びしゃがつく(ビシャガツク)とはどんな妖怪か|姿と伝承

びしゃがつく  / ビシャガツク

そのほか幽霊と霊 各地の伝説

福井県の旧坂井郡で、冬の霙や雪の夜道を歩く人の後ろから聞こえるとされた足音の怪異。

びしゃがつくの姿を描いた図

藤谷良秀 「北潟湖と鹿島の森(福井県あわら市)」 2013年 / CC BY-SA 3.0 出典

びしゃがつくとはどんな妖怪か

びしゃがつくは、夜道で足音がついてくる怪異です。冬の霙や雪の夜に語られました。国際日本文化研究センターのデータベースには、1938年の柳田国男「妖怪名彙(三)」と、1956年の『宮城縣史 民俗3』に基づく二件が登録されています。

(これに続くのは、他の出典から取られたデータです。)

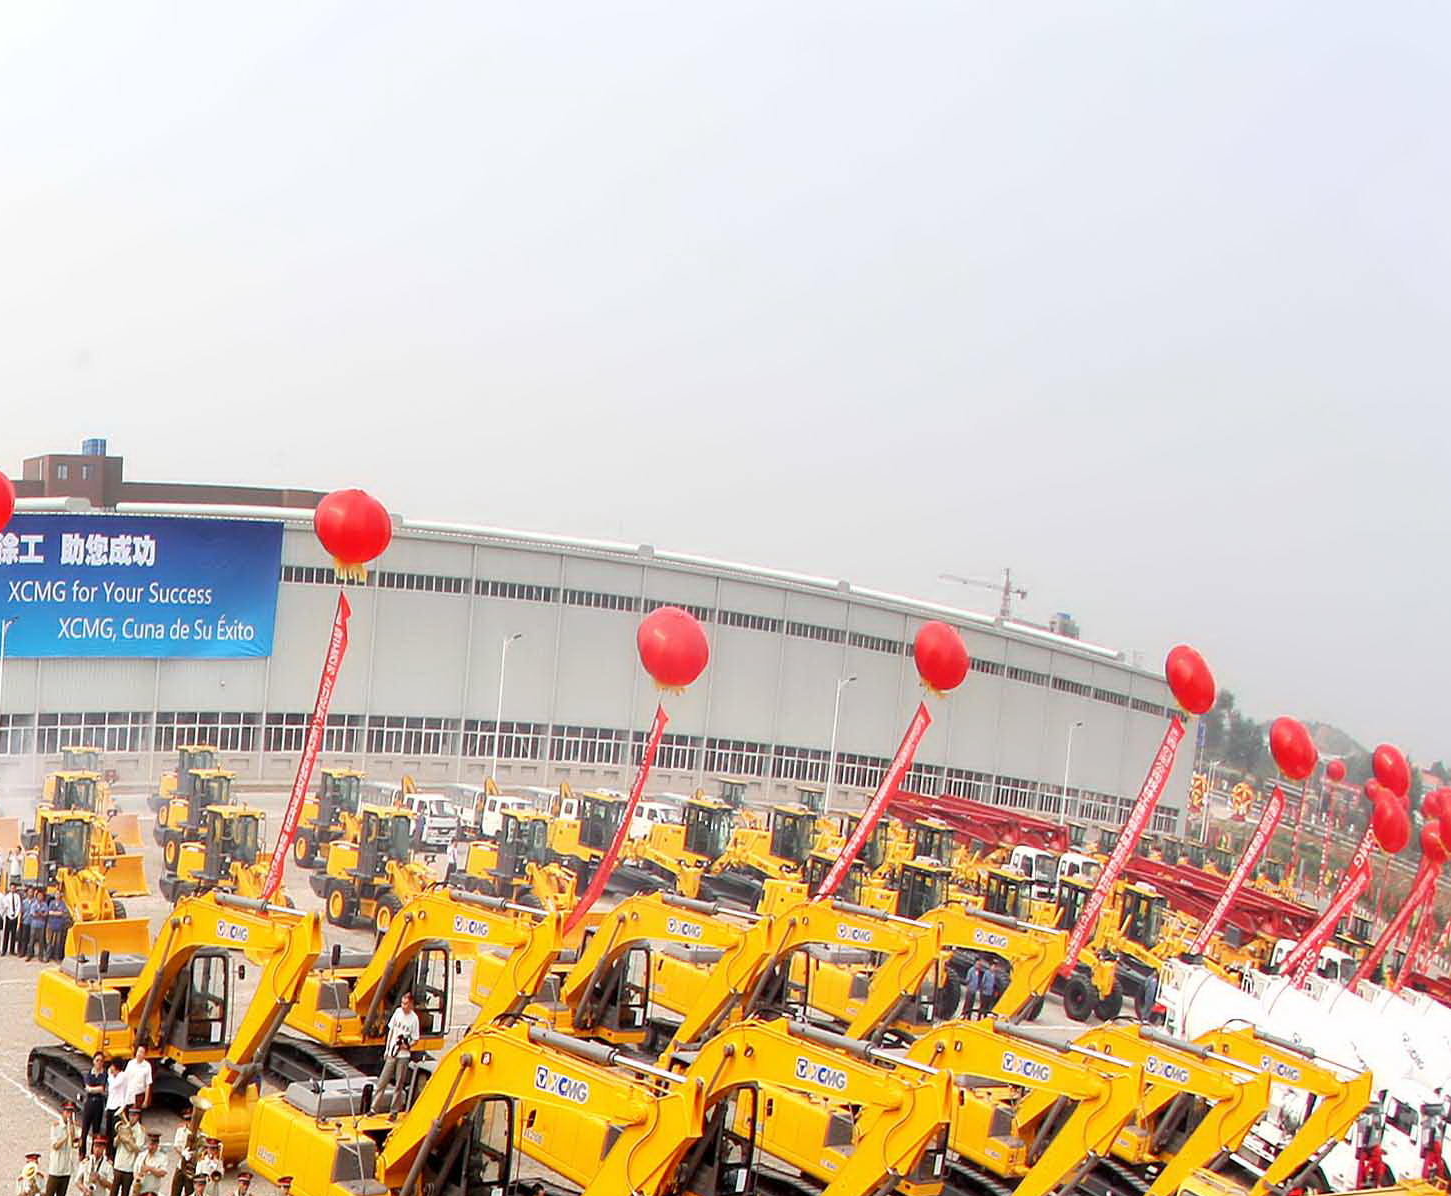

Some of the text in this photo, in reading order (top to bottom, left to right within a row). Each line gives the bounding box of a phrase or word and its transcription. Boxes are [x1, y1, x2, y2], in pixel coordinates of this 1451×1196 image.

[60, 533, 156, 566] 助您成功
[8, 580, 213, 605] XCMG for Your Success
[57, 614, 255, 641] XCMG, Cuna de Su Éxito
[548, 1073, 588, 1103] XCMG
[808, 1062, 846, 1090] XCMG

どちらも伝承地域は福井県の旧坂井郡です。現在の地理では、日文研の地域欄があわら市・坂井市を示します。姿、顔、手足は記されず、後ろから聞こえる濡れた足音によってだけ存在を知ります。

1956年の記録は「べとべとさんとほぼ同じ」と整理します。両者に共通するのは、姿の見えない何者かの足音が後ろからついてくる点です。一方、びしゃがつくには、べとべとさんのように道を譲る言葉をかける話は伝わっていません。

「びしゃ」は濡れた足音、「つく」は後をつく動作を思わせます。ただし、確認できる原資料には語源の説明がなく、呼称がどのように生まれたかは分かっていません。

びしゃがつくの漢字表記と読み方

読みは「びしゃがつく」です。公的データベースでは「ビシャが付く」と「ビシャがつく」の二表記が確認できます。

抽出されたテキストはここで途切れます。